Como artista mujer, llegué a sentirme excluida de las conversaciones. Me dedicaba a observar cómo el grupo de artistas hombres se organizaba en un círculo cerrado, dándonos la espalda a las que quedábamos fuera, para sostener conversaciones de dudosa calidad en las que la mayor parte del tiempo se elogiaban unos a otros. Terminé conversando mucho más con las novias de mis amigos artistas (esta es la composición de los grupos: hombres artistas, novias-esposas de artistas, mujeres asistentes), algo que agradezco; aprendí mucho con ellas, porque esas novias son diseñadoras, historiadoras del arte, editoras… Sobre todo, compartíamos el sentir: no era yo la única que respiraba la violencia condescendiente de aquellos que insistían en ubicarnos en el lugar de los personajes decorativos de la sala. En los 20 años que llevo moviéndome en la escena del arte, como estudiante y profesional, nunca antes había experimentado con tanta evidencia y recurrencia esta forma de discriminación machista.
Luego de desahogarme, buscando empatía en mi amigo, allí relajados en una fresca noche de tragos, lo próximo que escucho es una justificación del comportamiento de sus colegas hombres bajo un argumento de naturalización de la violencia sostenido en el sexo, en la biología: “las mujeres hablan entre ustedes porque hablan cosas de mujeres, como la menstruación”.
A los 11 años mi madre me había enseñado la diferencia entre sexo y sexualidad; me explicó que lo segundo es algo que se construye, y por tanto se elige. ¿Cómo lidiar en calma con un hombre que, ya en sus 30, insiste en que ser mujer implica menstruar? ¿Cómo lidiar con un hombre que no está conversando con una persona, sino con un ser menstruante, diseñado para reproducirse; un ser más cercano a lo biológico, lo natural, lo irracional, lo emocional?
En una reunión de estudiantes de posgrado de Centroamérica y el Caribe, nos preguntaban nuestro criterio sobre la actual situación de los movimientos feministas en nuestros países.
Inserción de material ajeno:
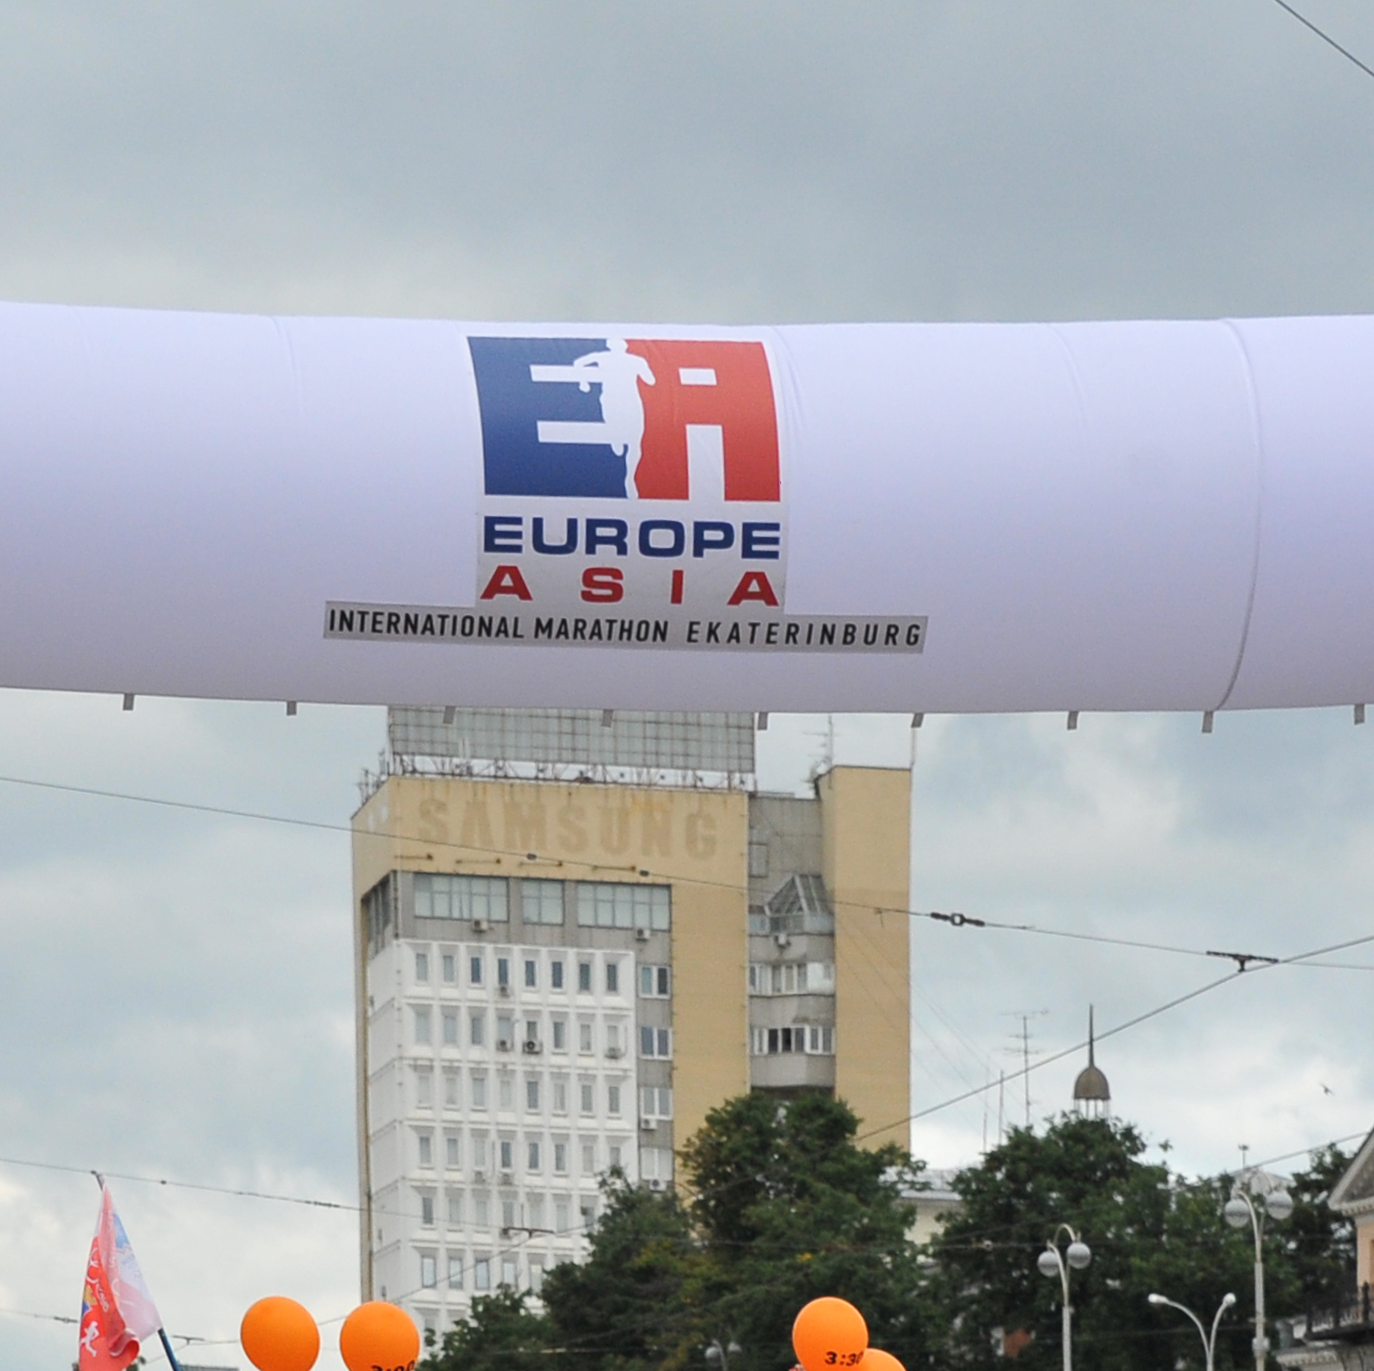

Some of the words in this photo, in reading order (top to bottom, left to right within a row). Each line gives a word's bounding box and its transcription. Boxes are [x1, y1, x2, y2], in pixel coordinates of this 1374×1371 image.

[483, 516, 781, 560] EUROPE
[480, 565, 779, 606] ASIA
[329, 609, 525, 641] INTERNATIONAL
[533, 617, 669, 645] MARATHON
[686, 620, 922, 648] EKATERINBURG
[417, 800, 718, 861] SAMSUNG
Colegas de Honduras, Nicaragua y Haití, contaron de las luchas activistas de sus países, de la importancia que ha tenido el movimiento, sobre todo en los últimos 5 años con el #MeToo y el #YoSíTeCreo. Hablaron del cambio radical que ha significado visibilizar la violencia machista y traer al espacio cívico la discusión sobre temas de género.
Una colega levantó la mano y dijo que en su país no había movimientos feministas porque no hacía falta: “Nosotras, las mujeres cubanas, tenemos nuestros derechos cubiertos”. Se refirió específicamente a dos condiciones a favor de las mujeres en Cuba: el derecho al aborto y derechos laborales igualitarios. Era una mujer joven, en sus veinte, recién salida de la Universidad de La Habana, y sostenía el discurso del Estado para deslegitimar cualquier tipo de acción feminista en Cuba.
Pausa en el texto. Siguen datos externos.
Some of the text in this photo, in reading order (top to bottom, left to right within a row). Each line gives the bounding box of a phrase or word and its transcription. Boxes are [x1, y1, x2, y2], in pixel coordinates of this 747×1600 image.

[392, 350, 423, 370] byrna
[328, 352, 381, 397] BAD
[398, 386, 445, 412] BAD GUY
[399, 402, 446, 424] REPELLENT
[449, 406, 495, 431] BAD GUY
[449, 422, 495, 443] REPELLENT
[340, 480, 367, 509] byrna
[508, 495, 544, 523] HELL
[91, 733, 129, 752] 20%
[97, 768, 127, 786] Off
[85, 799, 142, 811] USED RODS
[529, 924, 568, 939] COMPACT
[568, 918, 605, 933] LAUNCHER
Por supuesto que no me quedé en silencio. Era crucial no quedarse en silencio, por dos razones. Primero, porque ya nos hemos callado demasiado, como mujeres y como ciudadanas; y segundo porque, ante aquellos brillantes colegas de Centroamérica y el Caribe, Cuba volvía a quedar desdibujada mientras el Estado cubano detenía la capacidad de acción de las feministas con la evidencia de que su administración ya lo había resuelto todo.
Creo que, en estos momentos, luego del trabajo de mujeres valientes, como las integrantes de la revista feminista Alas Tensas, ha quedado claro que en Cuba sí hace falta feminismo; de eso no hay duda. Como también queda clara la intención de criminalización de las feministas por parte de aquellos y aquellas que afirman que a las mujeres cubana ya les han sido concedidos todos los derechos.
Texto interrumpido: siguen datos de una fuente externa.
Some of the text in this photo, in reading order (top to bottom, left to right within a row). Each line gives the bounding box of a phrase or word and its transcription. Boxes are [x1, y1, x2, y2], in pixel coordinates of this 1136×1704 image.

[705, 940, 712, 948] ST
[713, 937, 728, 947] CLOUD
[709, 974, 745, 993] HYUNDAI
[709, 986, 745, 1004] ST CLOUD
De todas formas, volveré a mencionar aquí, desde mi modesta opinión (hay colegas con mucha más claridad y tiempo dedicado al feminismo que ya han argumentado mejor), tres razones para consolidar el feminismo cubano. Hay muchas más, pero estas responden a los argumentos habituales del Estado, según el cual las principales demandas ya están resueltas.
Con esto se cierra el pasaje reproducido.